Récemment, un changement de technique d’application du graphite sur le papier a permis à l’artiste de provoquer des débords et des aspérités. Ces irrégularités se révèlent fluides. Les cadrages se resserrent. La forme devient centrale. Les lignes de fuite ne modèlent plus artificiellement un paysage las de n’être que l’image construite et vaine du réel. Des imperfections infusent les trames et les détourent. Les surfaces deviennent matière vivante. La structure rigide songe à sa propre dilution.
Emilie Ding s’inspire d’éléments constructifs qui sont comme des contre-reliefs à notre quotidien. Nos yeux ne les distinguent plus dans nos espaces familiers. Ils produisent des vides. Pourtant leurs doubles, transférés dans des espaces d’exposition, révèlent leur massive présence. Intégrées dans le champ de la sculpture classique, ces structures ne se posent pas en brutal porte-à-faux. Au contraire, elles viennent s’appuyer sur les murs ou s’allonger sur le sol. Par leur biais, les lieux d’exposition révèlent l’imposant effet de suspension qu’ils offrent sur la réalité.

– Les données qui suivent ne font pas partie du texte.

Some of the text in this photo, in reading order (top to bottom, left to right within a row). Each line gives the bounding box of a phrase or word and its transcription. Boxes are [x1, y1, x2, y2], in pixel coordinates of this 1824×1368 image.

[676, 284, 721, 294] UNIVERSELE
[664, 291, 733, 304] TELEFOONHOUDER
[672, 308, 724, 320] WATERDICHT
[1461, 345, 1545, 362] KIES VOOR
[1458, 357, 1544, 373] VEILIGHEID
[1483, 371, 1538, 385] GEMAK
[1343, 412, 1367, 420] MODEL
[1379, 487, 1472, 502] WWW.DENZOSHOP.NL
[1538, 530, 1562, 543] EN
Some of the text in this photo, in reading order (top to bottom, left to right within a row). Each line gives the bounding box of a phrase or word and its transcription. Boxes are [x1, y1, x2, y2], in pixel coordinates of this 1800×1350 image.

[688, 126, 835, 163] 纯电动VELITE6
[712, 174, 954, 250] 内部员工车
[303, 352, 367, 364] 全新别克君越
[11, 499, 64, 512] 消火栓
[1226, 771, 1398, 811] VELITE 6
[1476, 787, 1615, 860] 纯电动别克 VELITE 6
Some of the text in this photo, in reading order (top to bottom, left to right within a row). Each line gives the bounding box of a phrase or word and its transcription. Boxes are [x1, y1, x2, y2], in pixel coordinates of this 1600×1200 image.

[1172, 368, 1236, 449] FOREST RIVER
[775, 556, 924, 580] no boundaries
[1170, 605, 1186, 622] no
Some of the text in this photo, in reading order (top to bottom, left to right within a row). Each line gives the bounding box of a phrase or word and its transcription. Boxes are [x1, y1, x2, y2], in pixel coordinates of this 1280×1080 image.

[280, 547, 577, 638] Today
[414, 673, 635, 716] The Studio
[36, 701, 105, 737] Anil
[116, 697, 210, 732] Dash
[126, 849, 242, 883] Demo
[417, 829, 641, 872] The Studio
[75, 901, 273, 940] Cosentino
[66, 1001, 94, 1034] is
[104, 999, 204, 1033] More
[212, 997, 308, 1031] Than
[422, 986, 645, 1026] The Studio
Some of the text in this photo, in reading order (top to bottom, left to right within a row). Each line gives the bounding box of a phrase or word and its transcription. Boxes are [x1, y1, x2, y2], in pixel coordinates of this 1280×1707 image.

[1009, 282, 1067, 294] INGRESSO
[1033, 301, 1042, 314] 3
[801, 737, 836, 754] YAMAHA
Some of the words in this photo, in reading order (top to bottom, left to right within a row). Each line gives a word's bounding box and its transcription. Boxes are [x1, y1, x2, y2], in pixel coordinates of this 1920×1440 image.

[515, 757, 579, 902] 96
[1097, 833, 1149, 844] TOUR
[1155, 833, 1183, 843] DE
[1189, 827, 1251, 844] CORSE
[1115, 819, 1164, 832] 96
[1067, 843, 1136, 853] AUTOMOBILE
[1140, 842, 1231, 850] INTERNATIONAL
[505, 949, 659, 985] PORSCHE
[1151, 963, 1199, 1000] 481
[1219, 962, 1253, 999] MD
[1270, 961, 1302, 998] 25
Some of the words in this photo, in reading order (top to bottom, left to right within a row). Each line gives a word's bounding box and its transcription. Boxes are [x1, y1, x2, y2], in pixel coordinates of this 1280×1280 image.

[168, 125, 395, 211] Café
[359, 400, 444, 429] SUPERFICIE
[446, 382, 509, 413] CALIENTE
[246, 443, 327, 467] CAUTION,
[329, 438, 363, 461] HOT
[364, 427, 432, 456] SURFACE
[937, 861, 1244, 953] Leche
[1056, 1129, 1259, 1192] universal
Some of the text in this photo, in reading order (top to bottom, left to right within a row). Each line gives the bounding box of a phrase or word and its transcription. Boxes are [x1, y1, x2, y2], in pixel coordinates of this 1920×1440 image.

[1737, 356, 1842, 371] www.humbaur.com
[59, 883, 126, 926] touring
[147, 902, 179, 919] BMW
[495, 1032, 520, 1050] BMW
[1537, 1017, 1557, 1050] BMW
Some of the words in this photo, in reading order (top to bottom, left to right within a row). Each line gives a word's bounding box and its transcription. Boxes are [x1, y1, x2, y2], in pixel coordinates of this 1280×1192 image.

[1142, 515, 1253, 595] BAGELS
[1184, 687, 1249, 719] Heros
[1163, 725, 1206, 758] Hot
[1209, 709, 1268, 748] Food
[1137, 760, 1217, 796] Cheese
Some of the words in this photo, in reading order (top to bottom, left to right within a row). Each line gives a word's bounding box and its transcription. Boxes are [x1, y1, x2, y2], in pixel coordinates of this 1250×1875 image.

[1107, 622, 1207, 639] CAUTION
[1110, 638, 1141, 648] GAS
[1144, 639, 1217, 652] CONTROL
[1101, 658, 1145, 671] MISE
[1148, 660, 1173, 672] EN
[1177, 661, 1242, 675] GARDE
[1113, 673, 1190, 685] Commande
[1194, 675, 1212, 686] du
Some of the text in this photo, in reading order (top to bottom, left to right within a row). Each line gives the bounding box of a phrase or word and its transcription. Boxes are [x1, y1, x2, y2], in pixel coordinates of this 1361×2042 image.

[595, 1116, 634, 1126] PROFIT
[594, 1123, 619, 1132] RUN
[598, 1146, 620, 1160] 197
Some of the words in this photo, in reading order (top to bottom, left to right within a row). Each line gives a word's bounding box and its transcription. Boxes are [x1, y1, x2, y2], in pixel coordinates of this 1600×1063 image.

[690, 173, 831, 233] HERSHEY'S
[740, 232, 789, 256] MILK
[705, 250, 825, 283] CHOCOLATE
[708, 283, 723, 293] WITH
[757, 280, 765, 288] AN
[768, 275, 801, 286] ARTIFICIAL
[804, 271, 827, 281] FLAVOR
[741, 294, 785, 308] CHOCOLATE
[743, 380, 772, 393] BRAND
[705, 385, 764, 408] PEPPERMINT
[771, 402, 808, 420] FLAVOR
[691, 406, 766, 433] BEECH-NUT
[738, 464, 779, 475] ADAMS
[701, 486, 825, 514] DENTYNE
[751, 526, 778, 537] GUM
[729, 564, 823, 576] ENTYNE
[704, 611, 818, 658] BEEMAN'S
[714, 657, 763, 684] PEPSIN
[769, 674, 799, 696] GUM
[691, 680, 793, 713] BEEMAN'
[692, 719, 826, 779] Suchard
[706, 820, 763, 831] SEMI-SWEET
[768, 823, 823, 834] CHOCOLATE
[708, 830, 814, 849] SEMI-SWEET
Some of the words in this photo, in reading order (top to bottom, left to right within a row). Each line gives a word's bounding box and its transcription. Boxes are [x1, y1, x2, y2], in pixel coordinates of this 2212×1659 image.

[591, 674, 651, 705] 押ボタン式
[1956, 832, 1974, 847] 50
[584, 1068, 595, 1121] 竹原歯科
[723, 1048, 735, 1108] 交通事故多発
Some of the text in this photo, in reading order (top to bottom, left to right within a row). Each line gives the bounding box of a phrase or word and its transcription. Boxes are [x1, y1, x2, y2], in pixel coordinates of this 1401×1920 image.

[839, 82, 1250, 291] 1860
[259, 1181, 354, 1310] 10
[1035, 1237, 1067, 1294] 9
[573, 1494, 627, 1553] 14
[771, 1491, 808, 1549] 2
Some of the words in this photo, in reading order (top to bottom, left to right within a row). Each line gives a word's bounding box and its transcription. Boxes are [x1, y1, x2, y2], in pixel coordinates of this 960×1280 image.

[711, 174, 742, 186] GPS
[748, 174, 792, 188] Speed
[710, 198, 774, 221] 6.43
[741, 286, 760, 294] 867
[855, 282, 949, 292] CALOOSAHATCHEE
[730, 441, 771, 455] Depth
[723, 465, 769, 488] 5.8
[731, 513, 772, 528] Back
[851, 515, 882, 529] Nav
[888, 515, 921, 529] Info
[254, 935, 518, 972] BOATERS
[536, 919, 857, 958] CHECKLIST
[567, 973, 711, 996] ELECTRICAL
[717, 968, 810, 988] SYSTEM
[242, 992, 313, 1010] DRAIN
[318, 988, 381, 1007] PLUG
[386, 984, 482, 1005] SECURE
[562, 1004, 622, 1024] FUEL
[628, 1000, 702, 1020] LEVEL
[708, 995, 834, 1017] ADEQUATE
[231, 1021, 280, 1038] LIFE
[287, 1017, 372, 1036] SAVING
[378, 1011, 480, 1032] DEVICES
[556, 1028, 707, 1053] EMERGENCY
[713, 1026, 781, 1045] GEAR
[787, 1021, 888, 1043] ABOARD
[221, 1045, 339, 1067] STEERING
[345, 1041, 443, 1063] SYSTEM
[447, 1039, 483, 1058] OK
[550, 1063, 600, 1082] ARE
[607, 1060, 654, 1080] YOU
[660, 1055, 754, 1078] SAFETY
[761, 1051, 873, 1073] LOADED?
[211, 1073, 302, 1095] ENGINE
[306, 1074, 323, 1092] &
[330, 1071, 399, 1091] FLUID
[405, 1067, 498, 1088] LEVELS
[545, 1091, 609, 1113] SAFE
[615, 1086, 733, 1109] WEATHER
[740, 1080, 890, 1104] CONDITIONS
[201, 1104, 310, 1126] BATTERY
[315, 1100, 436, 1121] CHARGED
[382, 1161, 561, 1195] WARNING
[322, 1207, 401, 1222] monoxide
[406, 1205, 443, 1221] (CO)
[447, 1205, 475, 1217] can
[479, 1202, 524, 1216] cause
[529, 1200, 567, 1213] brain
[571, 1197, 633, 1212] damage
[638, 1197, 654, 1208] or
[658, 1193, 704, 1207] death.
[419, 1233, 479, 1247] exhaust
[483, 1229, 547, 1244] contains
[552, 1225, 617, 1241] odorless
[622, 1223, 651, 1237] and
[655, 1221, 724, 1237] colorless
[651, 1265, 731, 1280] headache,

Les œuvres d’Emilie Ding ne se proposent pas d’être furtives ni absentes, toutefois elles ouvrent de paradoxales failles. Leur présence souvent massive s’efface peu à peu. Leur rigidité apparente s’amalgame à nos projections mentales. Du monument, l’artiste ne garde que le rapport que celui-ci entretien avec nos souvenirs communs. N’autorisant ni emblèmes, ni texte, Emilie Ding nous fait percevoir la forme étrange de l’oubli.
Ses sculptures et ses dessins semblent être hors chronologie, ancrés dans un temps qui leur est propre. Ces œuvres produisent de la mémoire en agglomérant toutes les nôtres. Emilie Ding pose avec elles un miroir sans tain entre le spectateur et son proche effacement.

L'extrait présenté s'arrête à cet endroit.